Mount Eerie followed, sans band, wearing flip flops and apparently pretty confused by the fact that he’d just landed in London, and was on his way to Korea tomorrow. I was actually expecting him to turn up with full band ensemble, however his solo performance fitted far better into the general feeling of the evening. He played mainly songs from Mount Eerie’s latest album Wind’s Poem. It was interesting seeing how he interpreted songs that are so distorted and multi-layered into something that would work with just him and an acoustic guitar. They seemed much more heartfelt without the fuzzy backing sounds however, and in some ways like entirely different songs. His voice isn’t the strongest, but it has its own sincere charm, and it was clear this rare solo performance was very much appreciated.

To round off the night we had Emmy the Great, who to be honest I’ve never managed to muster much enthusiasm for. However seeing her live has altered my opinion entirely. Only live do you fully realise how cleverly written her lyrics are, and how much like poetry. Whereas Mount Eerie sings about myths and mountains, Emmy the Great sings about first love, and break ups, and people dying. Best moment of the night was her cover with Darren Hayman. As a result of a vote put to the Myspace audience, they covered Cheryl Cole’s ‘Fight For This Love’. Emmy The Great had kindly removed all the grammatical hiccups, and cheesy lyrics, and had manage to re-shape the song into something that was almost respectable.
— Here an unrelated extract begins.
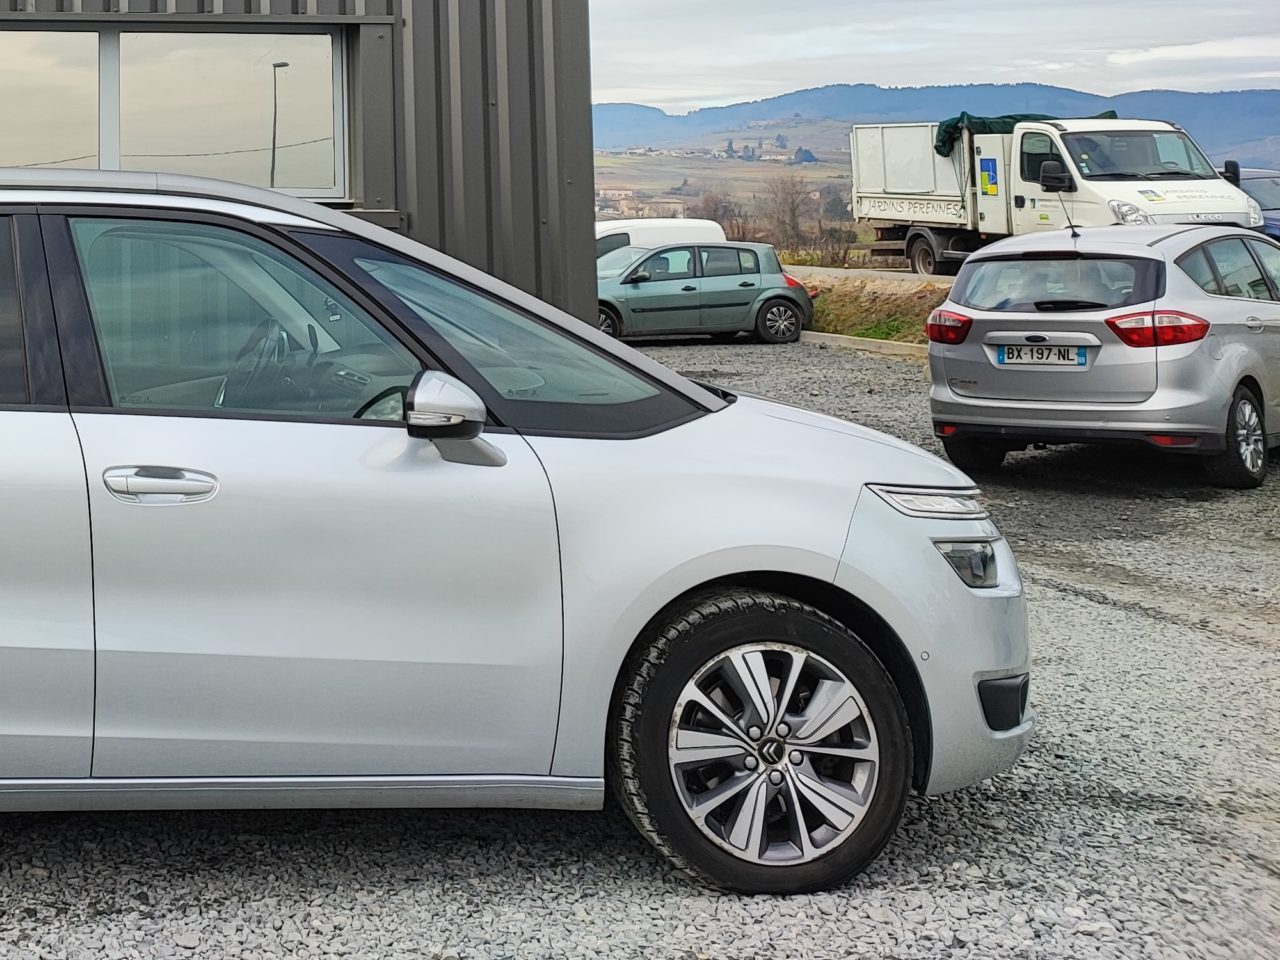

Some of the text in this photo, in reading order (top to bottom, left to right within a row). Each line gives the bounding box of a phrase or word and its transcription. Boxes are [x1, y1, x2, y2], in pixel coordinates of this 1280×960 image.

[864, 199, 959, 217] JARDINS PERENNES
[1188, 213, 1223, 222] IVECO
[1006, 346, 1076, 362] BX-197-NL
To conclude, Union Chapel is my new favourite venue, and I’ve come away with a new appreciation of pretty much everyone I saw at Owl Parliament. My only advice to you is to take a cushion. The music may be good, but the pews certainly aren’t kind to your behind.

If you’d like to hear a sample of some of these artists, then click on this here link to open up Spotify with an Owl Parliament sampler.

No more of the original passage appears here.